Version 1.5.0 of the innotop MySQL and InnoDB monitor is out. This release is the first in the unstable 1.5.0 branch, which will eventually become the stable 1.6 branch. I’m beginning to merge the various branches I’ve made to support some of our needs at my employer. This first release adds some major new features and prepares for some other large improvements and new features.
Here’s what’s new:
- Added plugin functionality.
- Added group-by functionality.
- Moved the configuration file to a directory.
- Enhanced filtering and sorting on pivoted tables.
- Many small bug fixes.
Plugins let you hook custom code into innotop. Your custom Perl module can extend or change innotop without touching its source code, and all you have to do is drop it into a directory and activate it (sound familiar to you WordPress users?).
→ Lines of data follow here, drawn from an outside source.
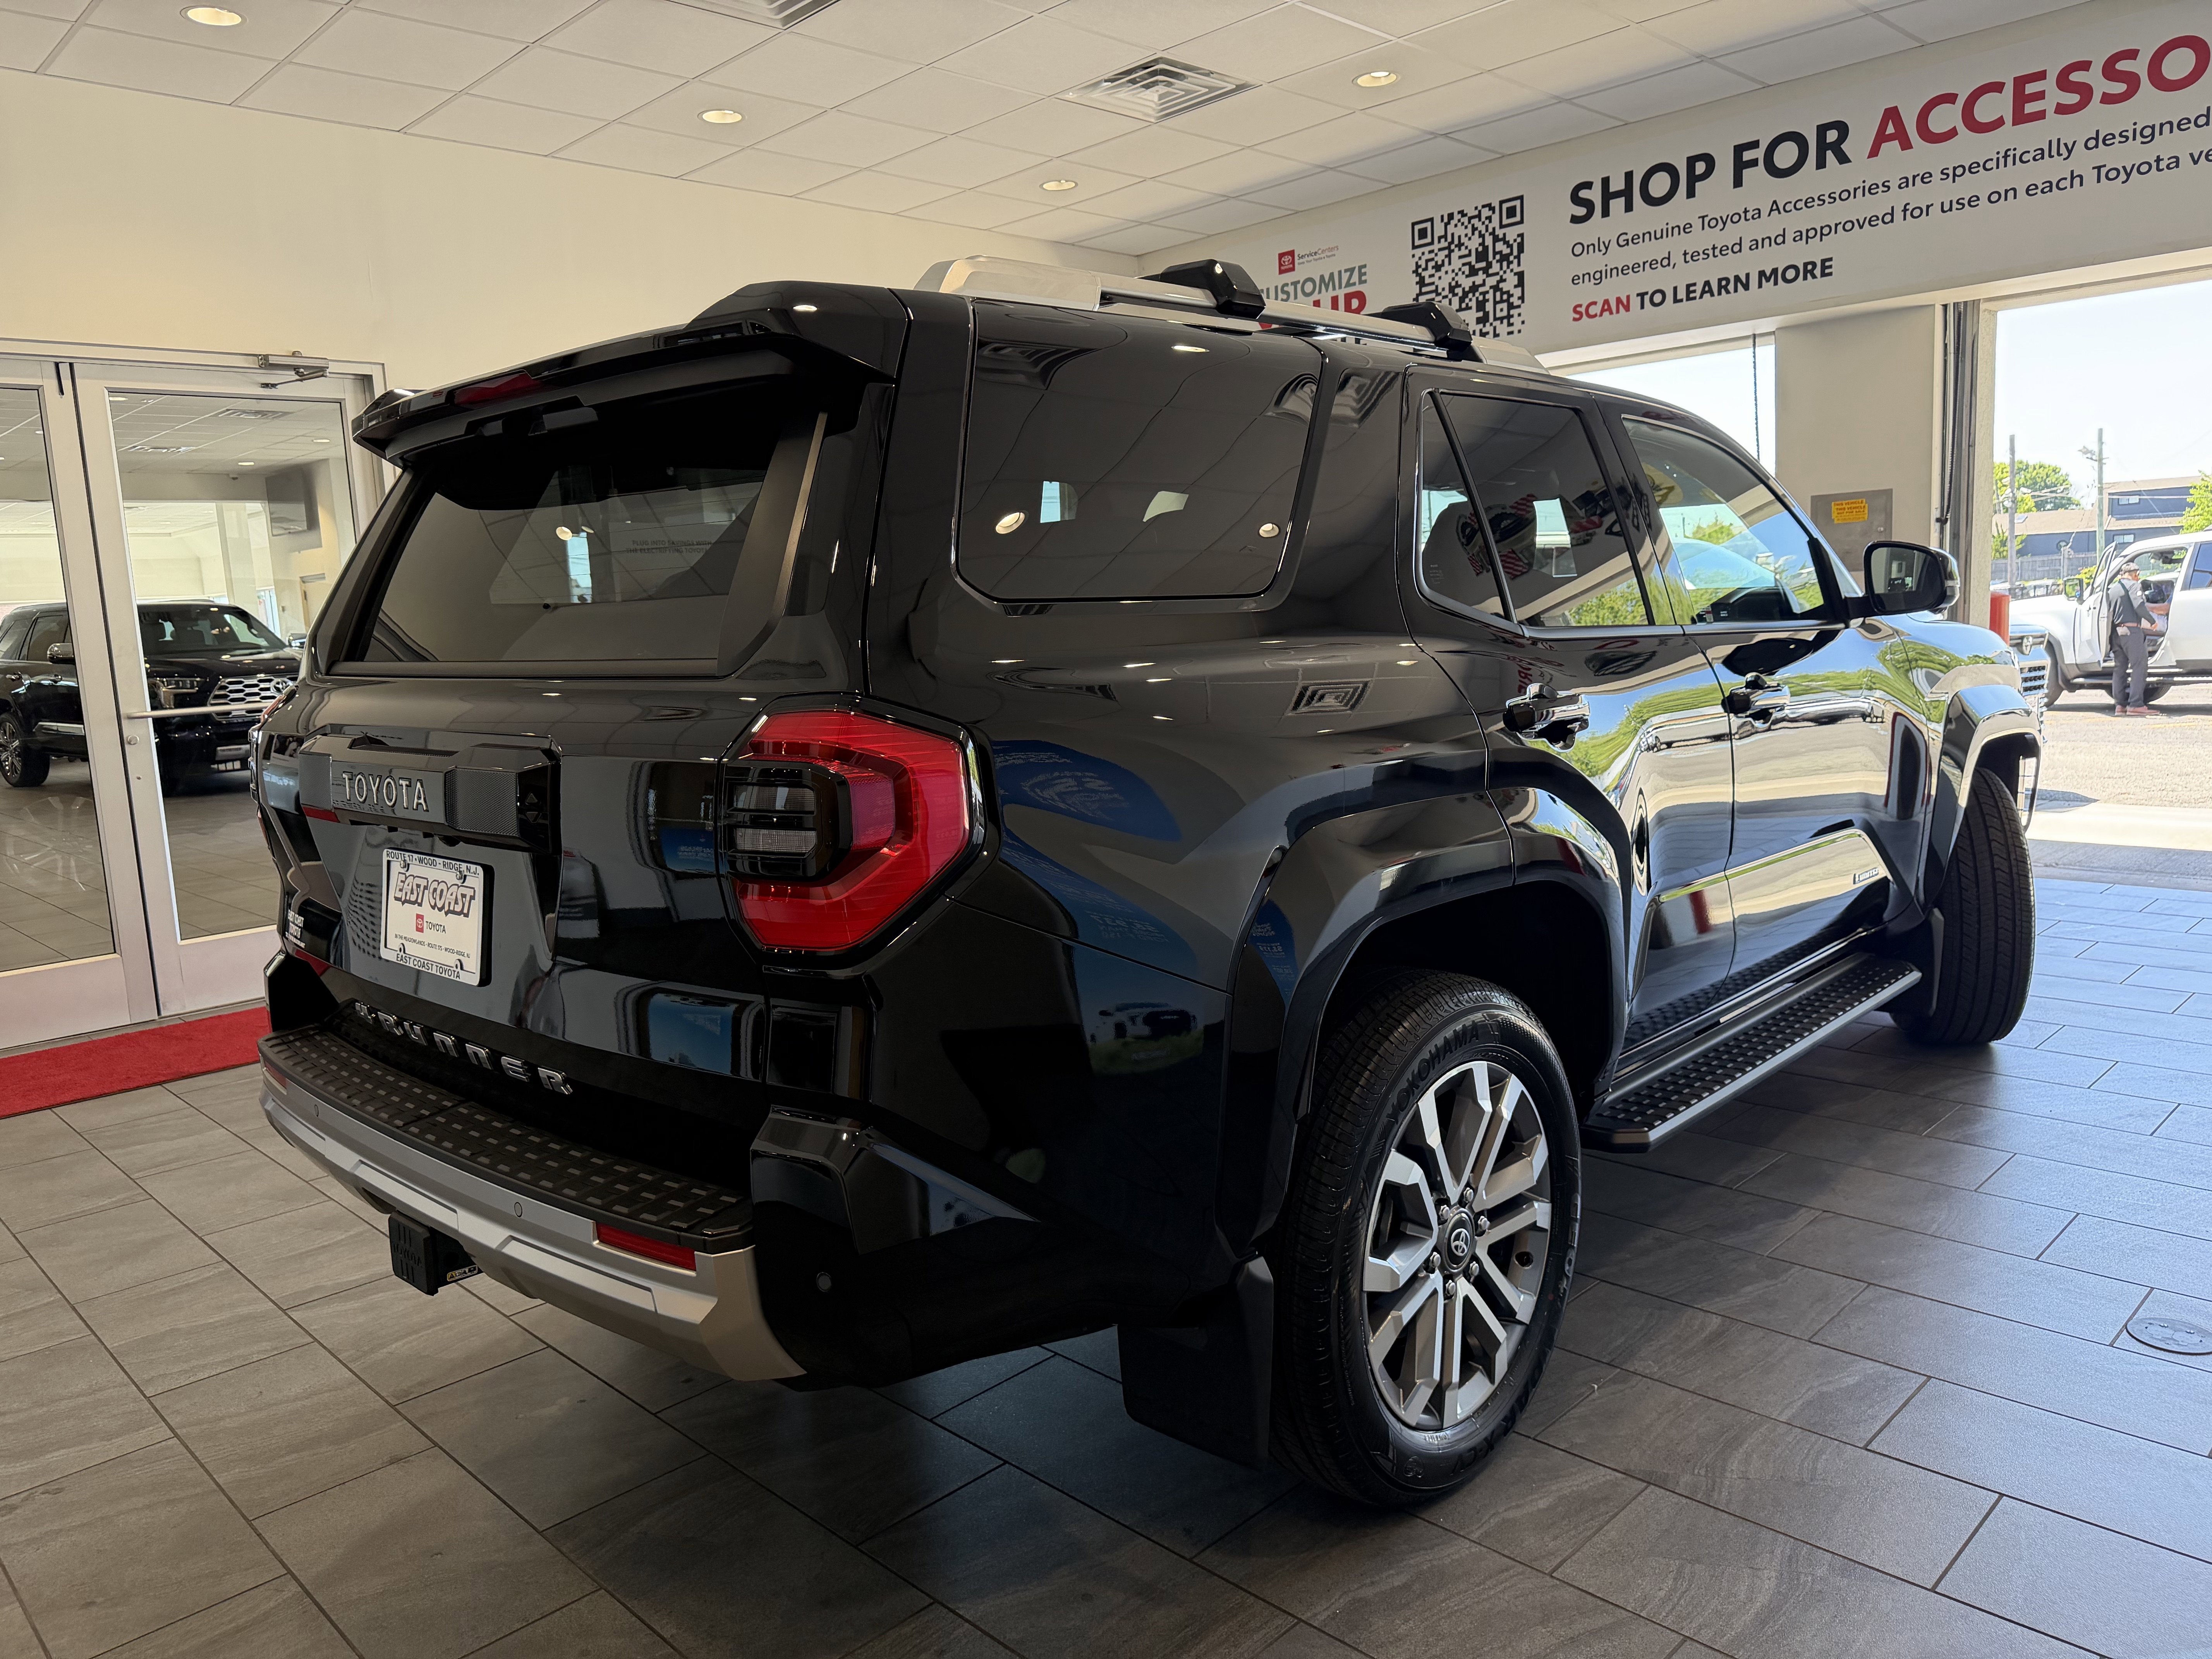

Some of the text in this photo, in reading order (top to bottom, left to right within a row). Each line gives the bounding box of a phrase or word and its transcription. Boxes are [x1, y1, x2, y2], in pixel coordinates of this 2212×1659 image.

[1570, 35, 2211, 225] SHOP FOR ACCESSO
[1571, 106, 2211, 257] Only Genuine Toyota Accessories are specifically designed
[1571, 251, 1676, 285] engineered,
[1682, 236, 1742, 264] tested
[1749, 227, 1786, 251] and
[1793, 205, 1894, 245] approved
[1901, 202, 1934, 221] for
[1941, 195, 1980, 213] use
[1987, 187, 2017, 204] on
[2025, 169, 2083, 197] each
[2092, 155, 2180, 184] Toyota
[1572, 257, 1833, 322] SCAN TO LEARN MORE
[343, 771, 429, 812] TOYOTA
[386, 850, 406, 861] ROUTE
[408, 854, 413, 862] 17
[417, 856, 437, 867] WOOD
[466, 865, 479, 875] N.J.
[394, 872, 476, 918] EAST COAST
[404, 936, 425, 946] MEADOWLANDS
[426, 921, 446, 934] TOYOTA
[396, 953, 460, 979] EAST COAST TOYOTA
[355, 1002, 573, 1095] 4RUNNER
[1386, 1021, 1480, 1122] YOKOHAMA
As an example of how this is useful, about two dozen lines of code lets me add “program” and “unix_pid” columns into the Query List and InnoDB Transaction List modes. These show the originating program and PID for connections by querying tables in which this data is stored. The plugin adds the columns and expressions for them, and then adds the data in by using innotop’s own DBI connections.
There’s an example plugin in the documentation.
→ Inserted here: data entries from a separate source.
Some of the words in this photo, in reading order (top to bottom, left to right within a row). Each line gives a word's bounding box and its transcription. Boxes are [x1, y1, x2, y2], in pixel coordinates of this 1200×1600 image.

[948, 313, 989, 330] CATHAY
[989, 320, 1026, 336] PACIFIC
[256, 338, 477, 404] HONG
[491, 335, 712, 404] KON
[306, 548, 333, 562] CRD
This functionality lets you apply something like a SQL
GROUP BY to a table. There are some built-in rules (press the ‘=’ key in Q or T mode; it’s easier if you hide the header with the ‘h’ key first).
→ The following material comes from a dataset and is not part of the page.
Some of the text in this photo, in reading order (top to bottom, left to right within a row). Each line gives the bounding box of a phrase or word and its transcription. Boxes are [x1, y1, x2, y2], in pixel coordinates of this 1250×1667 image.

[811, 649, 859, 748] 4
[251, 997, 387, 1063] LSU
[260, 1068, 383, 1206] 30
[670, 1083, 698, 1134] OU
The built-in rules let you group connections or transactions by status. They also automagically show a ‘count’ column, which is there but hidden until the grouping is applied. Now you can see how many connections are in what status.
You can toggle this on and off easily with the ‘=’ key on any table. (Most tables don’t have default group-by expressions, though, so you’ll have to read the docs to learn more about that. As with any features, let me know if you have a useful default you want me to include in innotop).
Don’t be scared by the “unstable” designation. It only means that I’m getting ready for a lot of changes that don’t belong in a stable branch; this release should generally be as good quality as any other. And I don’t want to use a naming scheme like “innotop-6.0-pre-alpha-1_rel5″. When I release a version I don’t think is good quality, I’ll let you know ;-) Generally I’m going to confine that code to the Subversion repository.
As an aside, both this and the MySQL Toolkit project are becoming more popular, and as that happens, I’m also getting busieramong other things, I’m writing a book! I must say SourceForge is great in some ways for helping to manage the project, but a lot of extra work in others. For example, it created a bunch of default forums, trackers, and settings when I created the projects, and that’s been pretty hard to slog through. The documentation system is not useful for my project. I think I’ve finally figured out how to get emails when people submit bug reports. I’m also trying to automate the tedious release process as much as I can, and it’s not proving easy. I don’t mean this to be a litany of woes, because I know they and I are doing our respective bests; it’s more of a commentary on the increased work that comes with a “generic, flexible” system—which is what people always seem to want, until they get it. I’m sure you all know what I mean!
Please go download, use, write plugins, and find and report bugs (via the sourceforge tracker, of course)! And happy innotop-ing.